Does one use up less energy after losing weight?
One question I often get asked is “Can weight regain after a diet be explained by a lowered metabolic rate?”
The short answer is: “No, not systematically”. In other words: “Usually not, though it can happen in some rare cases”.
And yet, how often we’ve heard it repeated: “after you lose weight, your body goes into economy mode, it stores up everything instead of using up energy…”
What is true is that the energy expenditure of the body is lower after weight loss than before. But it is not abnormally low. The central concept here is Resting Energy Expenditure, which is the quantity of energy (= the number of calories) our body needs to just keep functioning. And the main factor that determines this resting energy expenditure is… body weight (1).
This is fairly easy to understand if you think of a car or a truck, which burns more fuel when it is heavily loaded than when it is not; in the same way, a heavy body needs more calories than a light one. Whenever a person loses some their body weight, it will be like unloading the truck, less fuel (=fewer calories) will be used to keep moving.
[Click here to find out how resting energy expenditure is measured].
So, yes, your energy expenditure decreases after weight loss.
The catch is that for a long time, it was thought that it went down much lower than what would have been normal for the new body weight. This putative phenomenon was dubbed “adaptive thermogenesis” or “energy gap” and was used to explain difficulties in maintaining weight loss. This theory has been shaky for a good many years now (2), and an elegant study has undermined what was left of it.
In this study, published in the American Journal of Clinical Nutrition, the investigators asked whether resting energy expenditure was abnormally low in successful weight-loss maintainers (WLMs).

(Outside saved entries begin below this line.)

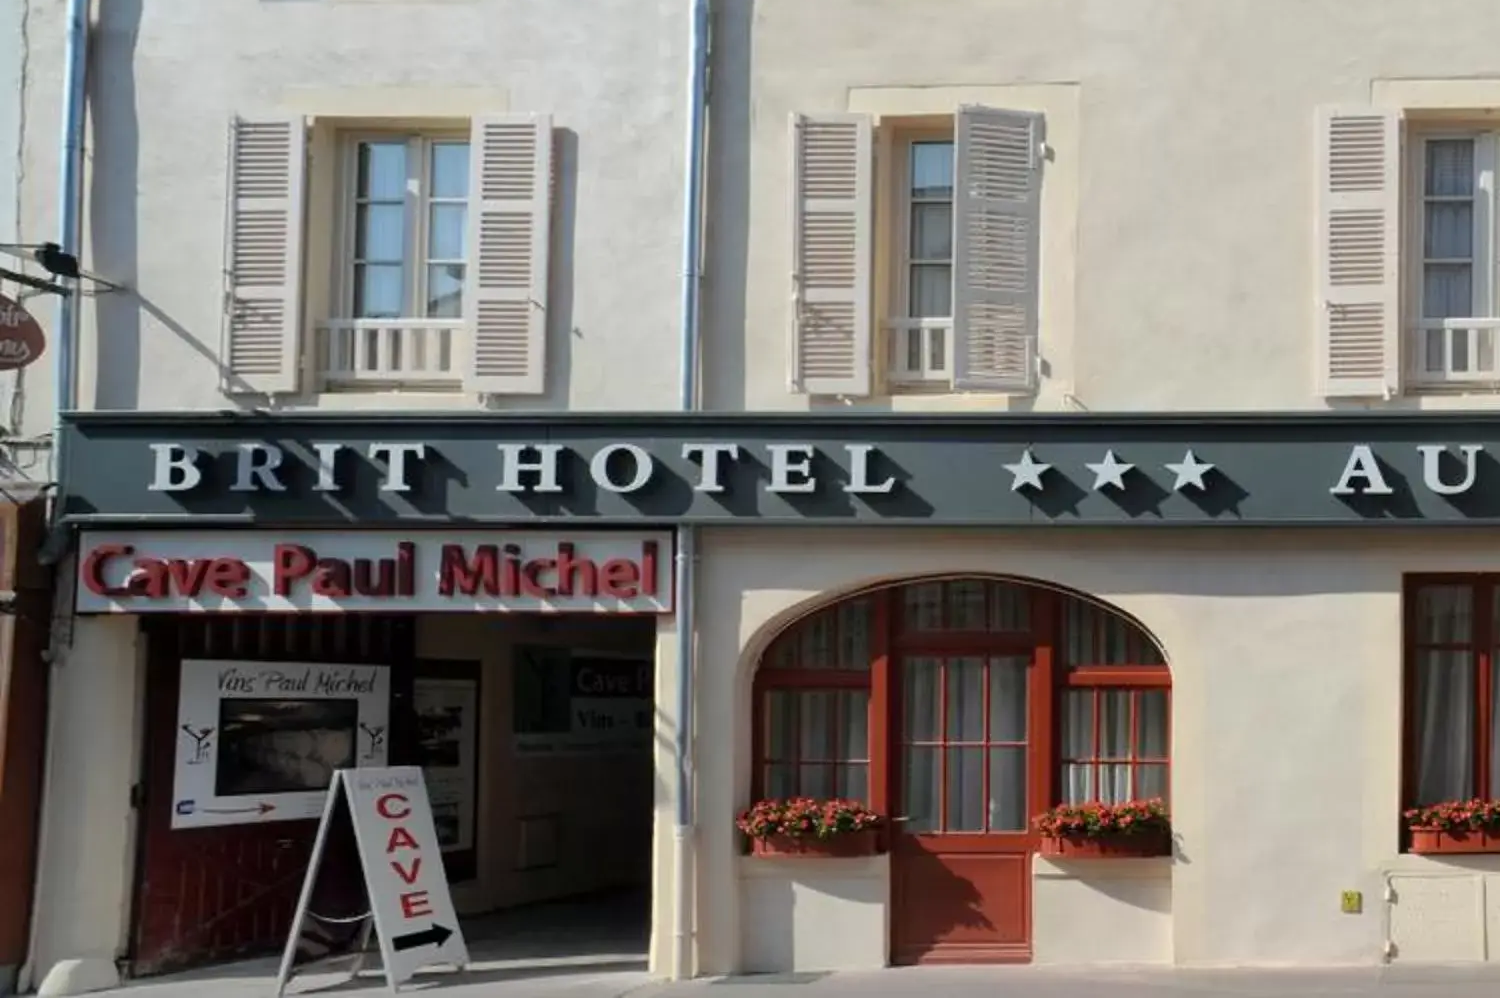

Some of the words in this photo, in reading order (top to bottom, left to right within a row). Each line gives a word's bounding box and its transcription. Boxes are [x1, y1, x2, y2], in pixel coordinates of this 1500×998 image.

[147, 443, 425, 492] BRIT
[496, 443, 898, 494] HOTEL
[1330, 443, 1484, 495] AU
[82, 544, 250, 599] Cave
[273, 541, 416, 598] Paul
[438, 539, 658, 599] Michel
[217, 667, 257, 693] Vins
[261, 668, 310, 693] Paul
[576, 666, 632, 693] Cave
[375, 793, 434, 919] CAVE
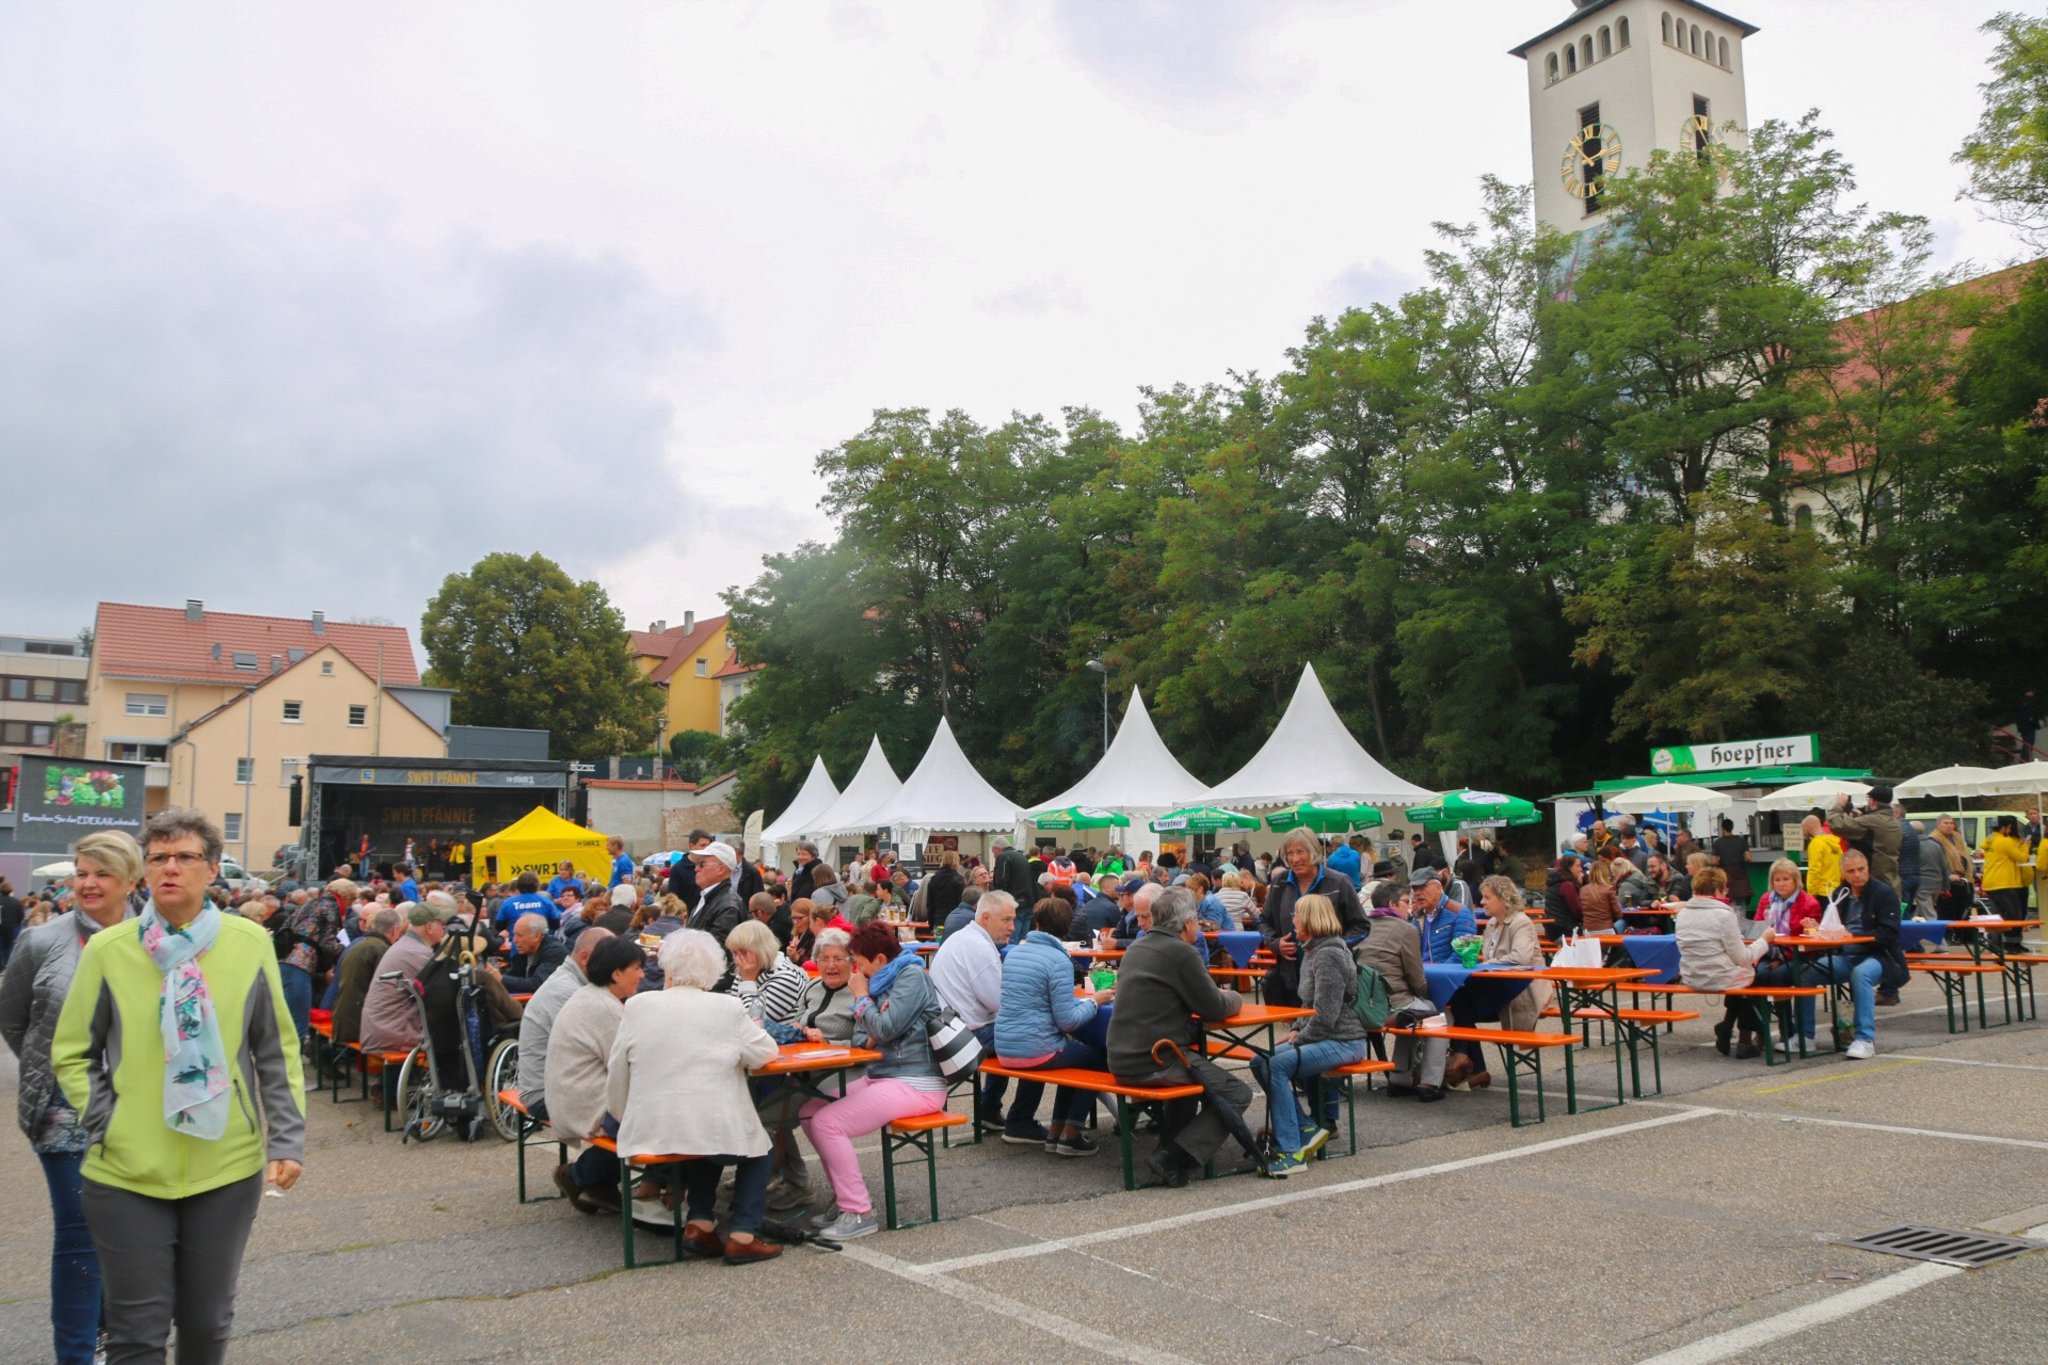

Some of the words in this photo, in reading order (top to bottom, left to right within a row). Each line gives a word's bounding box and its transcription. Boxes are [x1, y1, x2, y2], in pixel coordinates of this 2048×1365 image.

The investigators used two approaches. First, they compared the resting energy expenditure of the WLMs with that of two control groups: one group of people who had never been obese and whose normal weight was similar to the new weight of the WLMs, and one group of overweight or obese people whose weight was similar to the initial weight of the WLMs (their weight before weight loss). If the theory of adaptive thermogenesis were correct, resting energy expenditure should be lower in WLMs than in people who had the same weight but had never been overweight. This, however, was not the case. After taking into account the differences in body composition, resting energy expenditure was similar. In other words, every “kilogram of person” burns about the same number of calories, whatever the person’s weight history.

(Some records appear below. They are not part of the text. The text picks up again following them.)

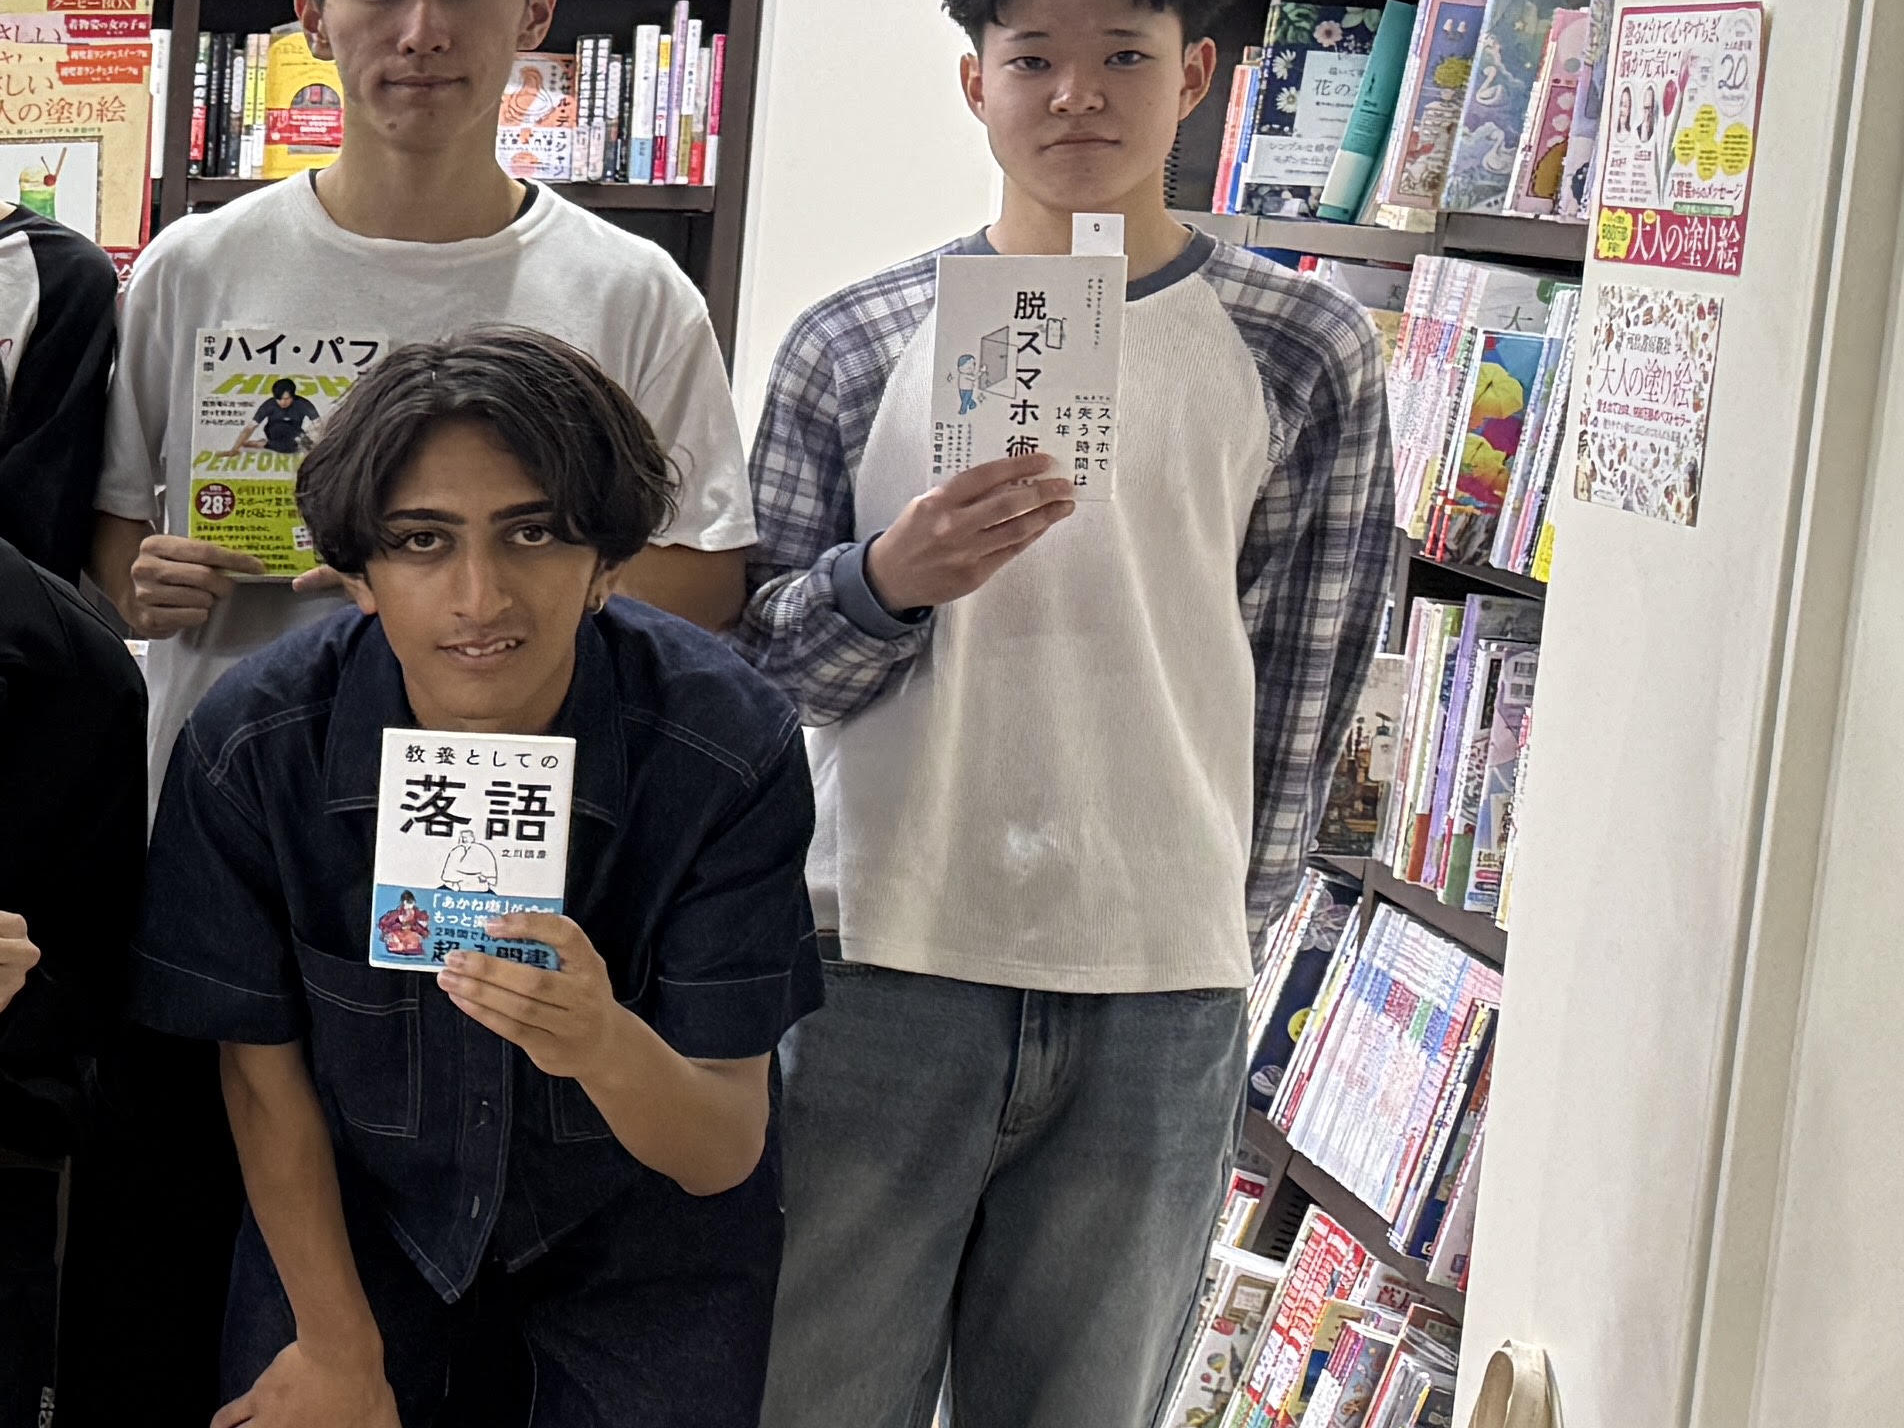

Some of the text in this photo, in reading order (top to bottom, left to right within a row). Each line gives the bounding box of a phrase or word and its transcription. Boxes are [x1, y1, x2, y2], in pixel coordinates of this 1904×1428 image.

[1630, 213, 1739, 270] 大人の塗り絵
[1005, 291, 1047, 458] 脱スマホ術
[1598, 355, 1692, 408] 大人の塗り絵
[1074, 406, 1092, 486] 失う時間は
[1095, 406, 1112, 471] スマホで
[200, 496, 225, 514] 28
[406, 745, 558, 769] 教養としての
[400, 774, 555, 842] 落語

Next, the investigators used the baseline data from the different groups to generate equations predicting resting energy expenditure. On average, metabolism after weight loss was well predicted by the equation developed from the data of the normal weight controls. This too indicates energy expenditure was not excessively low after weight loss. Not systematically, anyway: there was a good deal of variation in individual results, and that is an important point to note, because it means that, though in most people resting energy expenditure does not decrease abnormally after weight loss, it can happen to some.
It does seem that in a few people, metabolism is lower than it should be. What we don’t know is whether this is a consequence of the loss of weight, of if, on the contrary, such people have always had a low metabolism, which would have caused them to become overweight in the first place.
(1) Particularly the proportion of lean body mass, but going into that in detail would not be relevant for this post.
(2) Particularly based on results from modern medical imaging methods. The HOMAWLO project gave a synthesis of the basis of and objections to the “adaptive thermogenesis” theory.